FREEDOM FOR ALL is communism in disguise. You are a crypto-fascist.
You and I might agree on specifics, but philosophically, you are just another controller.
One of his series that I really enjoyed was the Black Widowers short stories.
Jan
(My opinion, your mileage may vary)
Again, I also liked the Foundation Trilogy and with all of my classes in sociology, I certainly to accept social science as a predictive study. That said, though, it is the collectivist's dream that we can reduce humanity to a (very large) set of equations. Indeed, the compelling element in the Foundation Trilogy is the actions of the individuals such as Hober Mallow and Savlor Hardin, as well as the adventurous young woman Arkady Darrell. Unfortunately, it remains that their actions, while benefiting themselves and others perhaps, were completely irrelevant to the development of capital-H History.
His human characters were not altruists, they were believable humans with plenty of flaws.
It is possible he made his robots that way as a method to address the "Frankenstein Phobia" that is still with us to some extent today. Back when they were written, technology was just beginning the great developments enabled by transistors and semiconductors.
That type of technology was new and scared a lot of people. Lets be honest, it still does for a surprising number even now. His robot works were a pretty subtle way to ease that fear.
In that sense, us-in-the-future is in the same mode. Meeting a newly-thawed 21st century capitalist, Capt. Jean-Luc Picard cautions him that here in the future we care more about the improvement of self, than in the acquisition of things. On the other hand, later on, we met the Ferengi. Arch-capitalists, their greed can be comical. However, in one tet-a-tet, Quark tells Cmdr. Benjamin Sisko: You dislike us because we represent your own worst view of yourselves, but you what, planet Ferengaran never had world wars, genocides, or slavery.
You might say that the writers invented (and then improved) the Ferengi in order to make everyone less afraid of capitalists, but that would be a stretch.
Don't get me wrong, I was and am a Star Trek fan, but its fundamental disconnect from reality is obvious. And the longer Star Trek continued the more disconnected it became.
Sci-fi based on honest projection or scientific speculation is one thing, sci-fi based on vapors and fantasy is something else.
Start another thread about that though. Every time we go to Star Trek or Star Wars it becomes a monster thread on its own.

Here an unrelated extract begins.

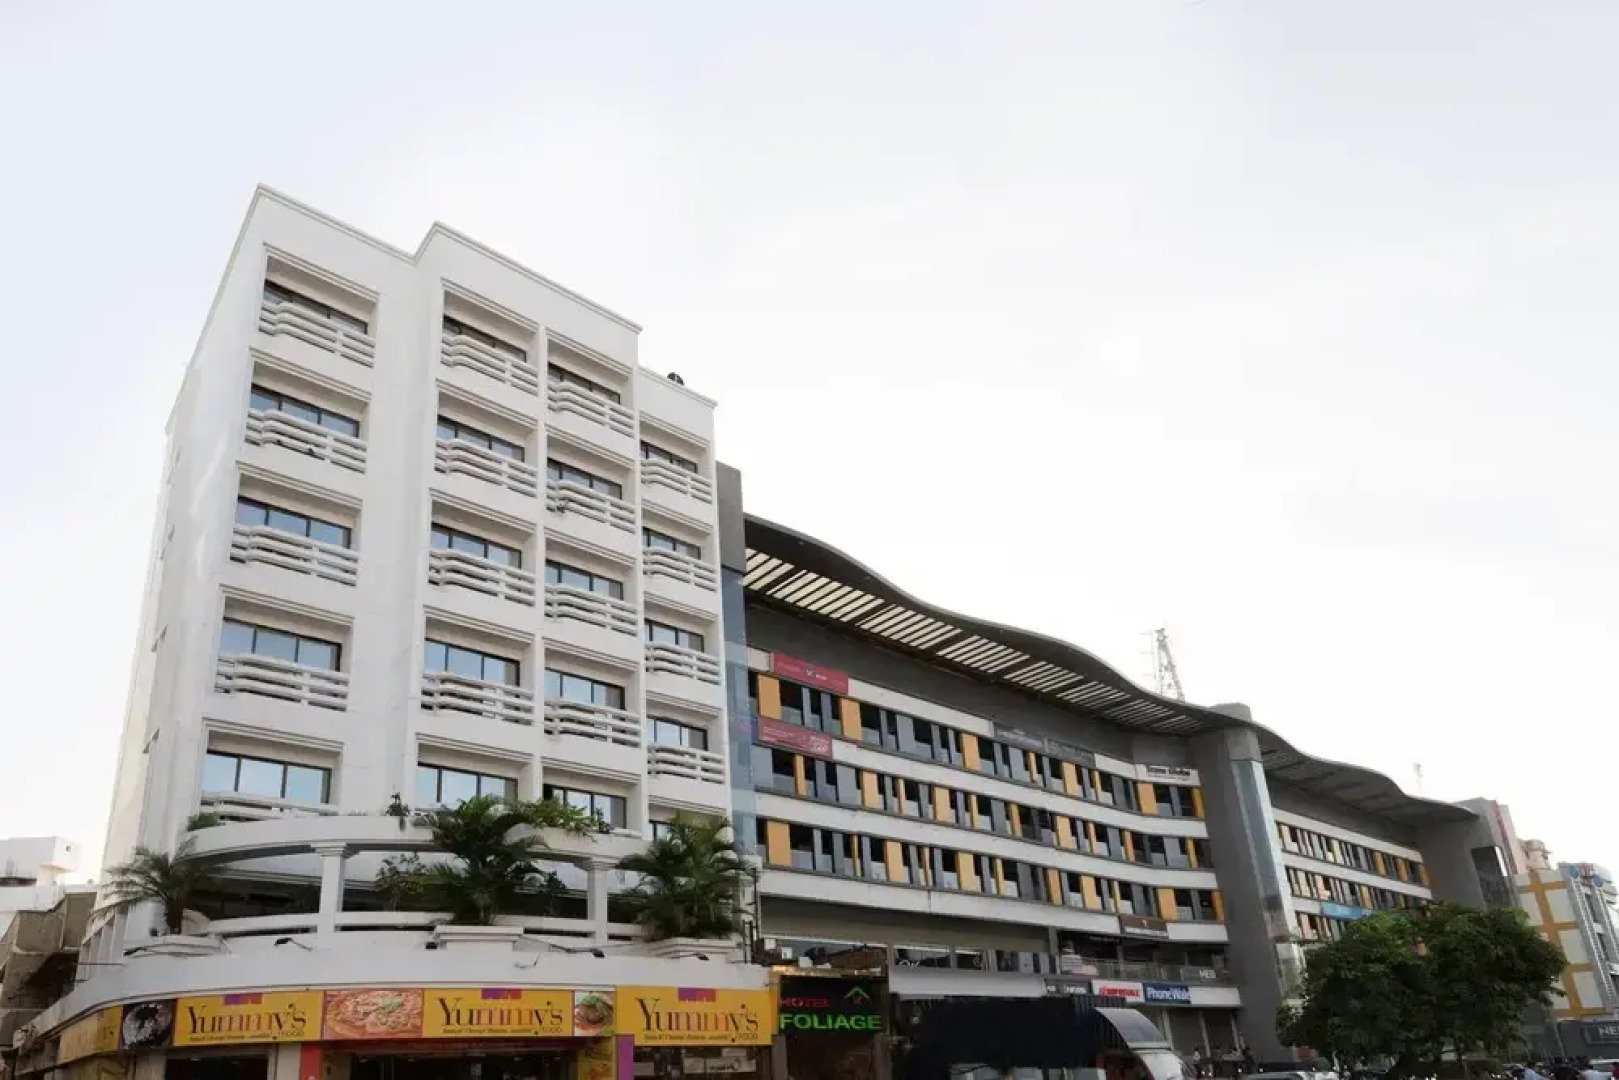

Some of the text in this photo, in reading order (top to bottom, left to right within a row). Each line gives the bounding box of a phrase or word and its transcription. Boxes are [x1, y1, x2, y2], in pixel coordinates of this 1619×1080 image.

Also, was it not there that one of the discussions among the heroes was to pay all the legislators a million credits, but make them pay for everything they vote for out of their own pockets? That proposal was not engaged, but it was discussed, as I recall. So, too with "rational anarchy." The revolutionaries talked about a lot of things, but they did something that worked realistically.
Orwell was a better writer and novelist than Rand tho' there is an absence of over-riding philosophy and a general pessimism that create unease in the reader.
Orwell's political affiliation will shock many but once the reader is aware of this it makes the political and social narratives in his stories more poignant.